Also for corporate reasons I am not privy to, Baen at this time was not yet selling their e-books on Amazon or more widely, only from their own website, which I thought was leaving money on the table; with the Fictionwise/Amazon sales spike in mind, I became more and more frustrated about this.

A small European town nestled into the bosom of some gentle mountains, with a lake in the foreground.

The Spirit Ring was originally published by Baen Books in 1992. How Lois broke out of the science fiction genre and got someone to publish her first fantasy novel is an interesting lesson in how to build the career you want, not the career you are supposed to have. We didn’t see more fantasy from Lois until 2001, when HarperCollins’s Eos Books published The Curse of Chalion (first in the Five Gods Universe).
(Image courtesy of Lois McMaster Bujold)

I entered self-publishing piecemeal and cautiously. In late 2010, my agent had been learning about the then-new Amazon and other e-publishing programs that wanted to work with established agents, and I had a backlist book, The Spirit Ring, the rights of which were free of all entanglements. Because I had no intention of writing frontlist sequels to it, it was pretty much unsalable to regular publishers. I also had a career in Britain which was dead in the water, permanently stalled. (Long story there.) We decided to use The Spirit Ring to experiment with this new e-market, since any income would be better than the nothing it was then earning. So I did a new edit (very kludgily, as I’d never had to pay attention to such things as my own under-formatting before—I have since learned-by-doing how to do it better), my agent’s resident art- and e-wizard did the e-vendor-formatting and cover, my agent did the vendor-page copy, and we put it up to see what would happen. All very home-baked.

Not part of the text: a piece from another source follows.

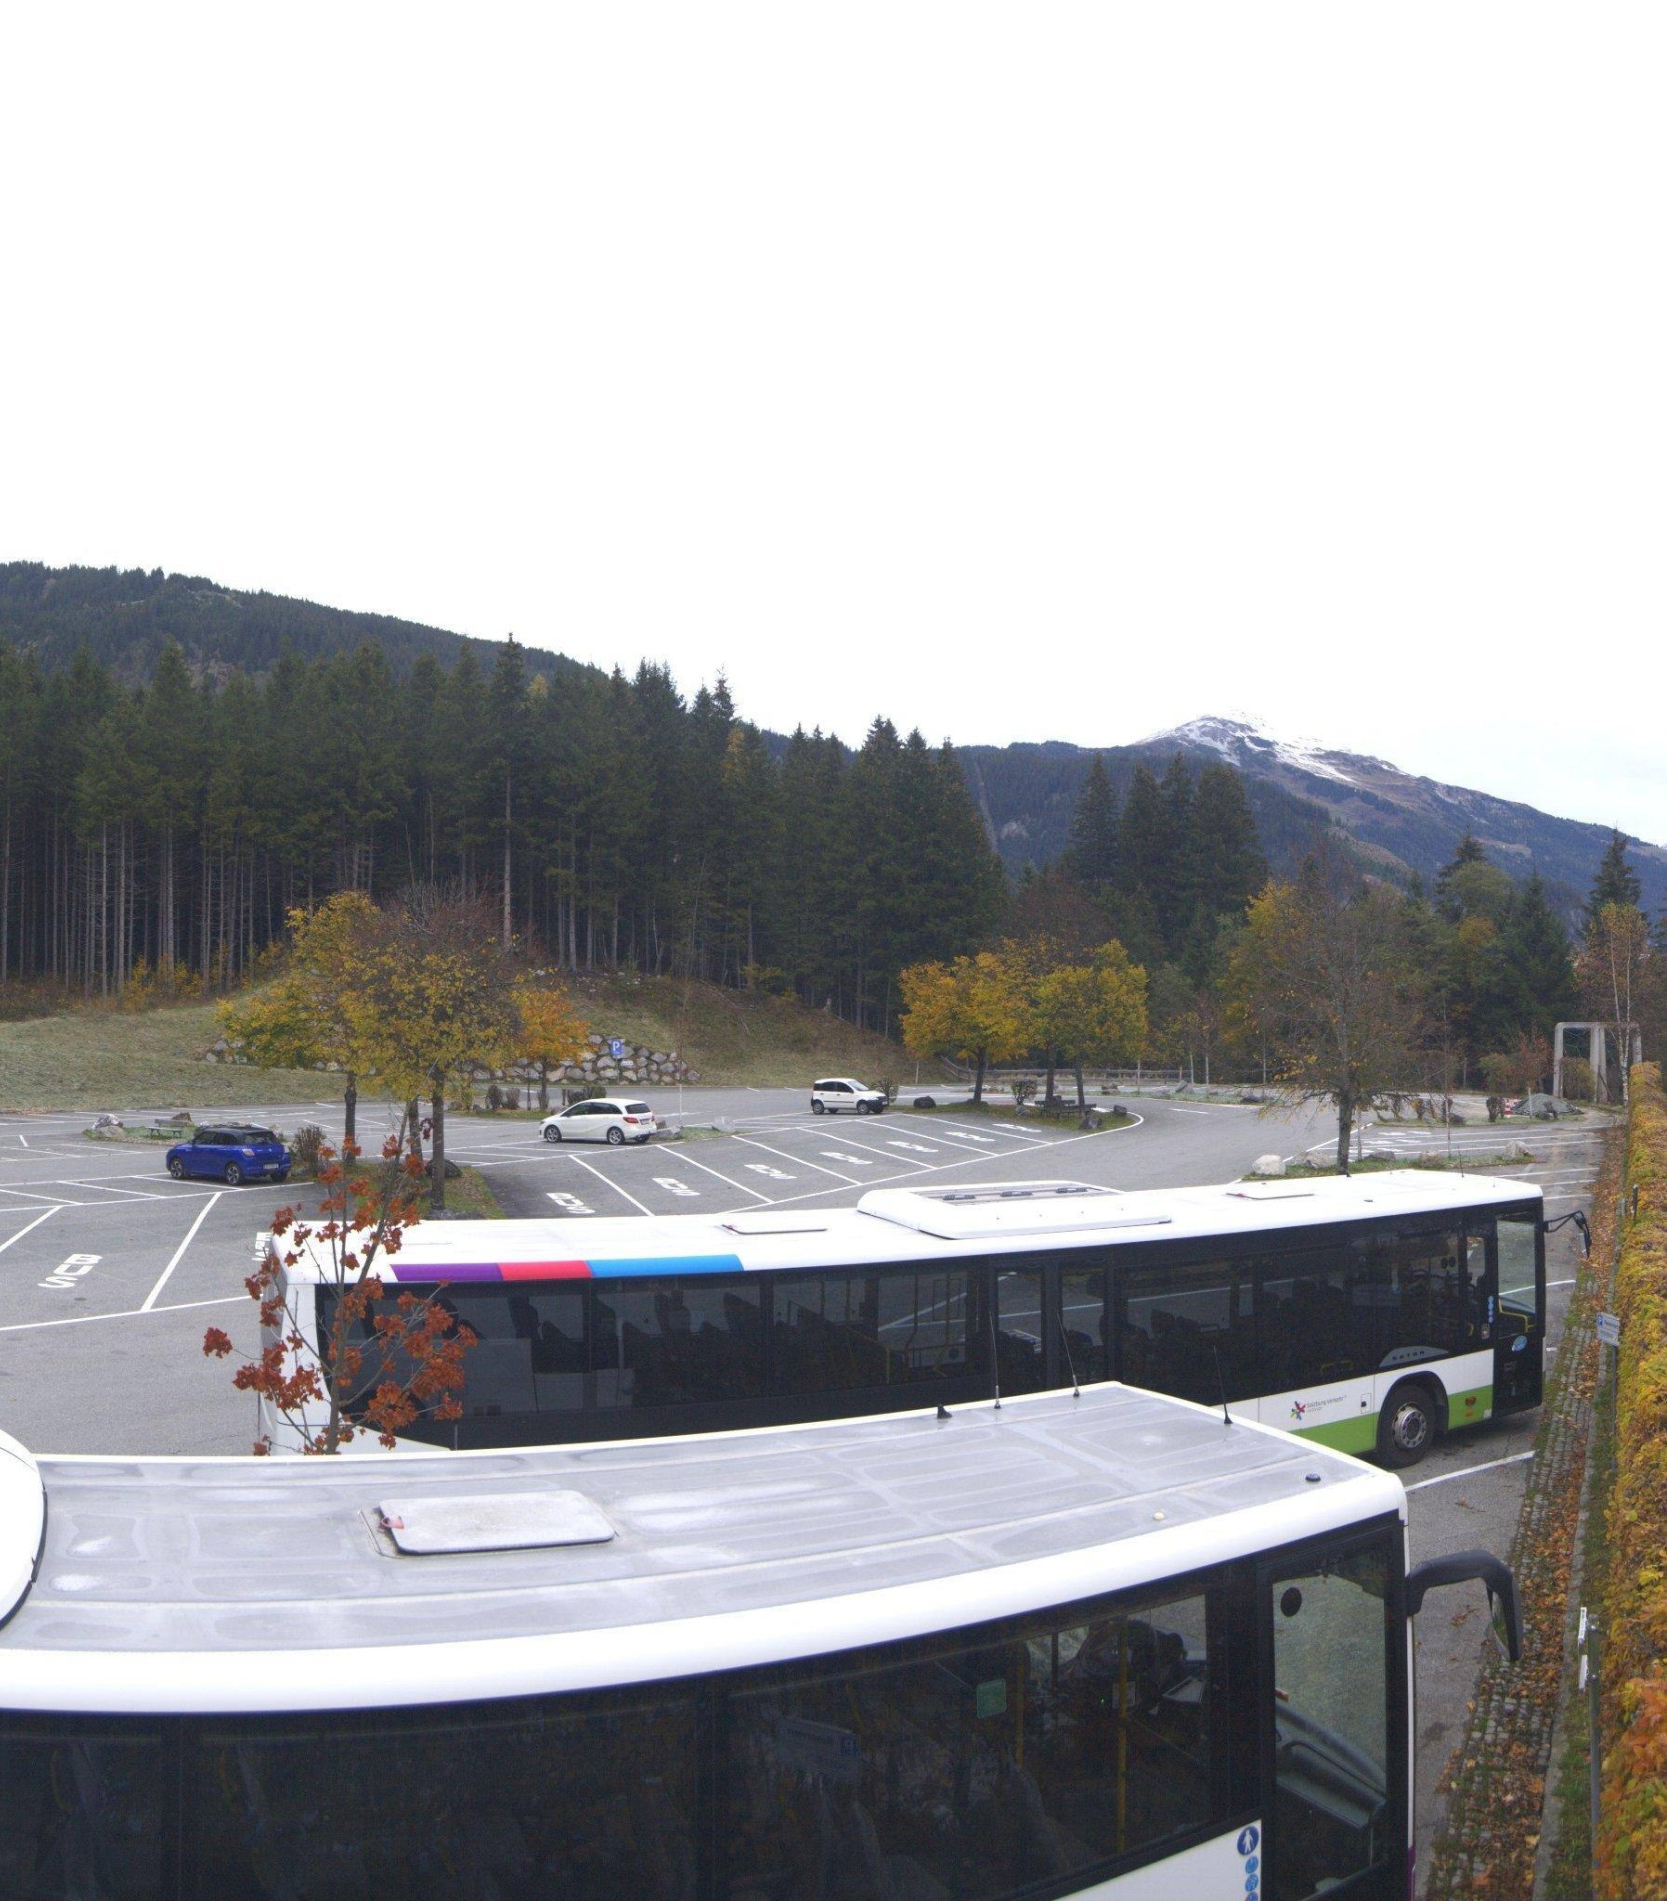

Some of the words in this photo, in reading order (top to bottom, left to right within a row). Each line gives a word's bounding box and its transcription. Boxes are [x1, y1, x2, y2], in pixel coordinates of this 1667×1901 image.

[652, 1177, 701, 1197] BUS
[546, 1192, 596, 1214] BUS
[37, 1253, 103, 1289] BUS

Its first month in the Kindle store, it earned about $230, which was as much or more as it had been making in six months as a weak backlist paperback. It continued to earn a couple hundred a month for the next few months, and my agent expanded us into the iBooks store and Nook, and they paid some more. In the spring of 2011, Amazon expanded us into the UK e-market, and a bit more came in.

And about this point, I woke up big-time and began looking around for more of my backlist that had e-rights free.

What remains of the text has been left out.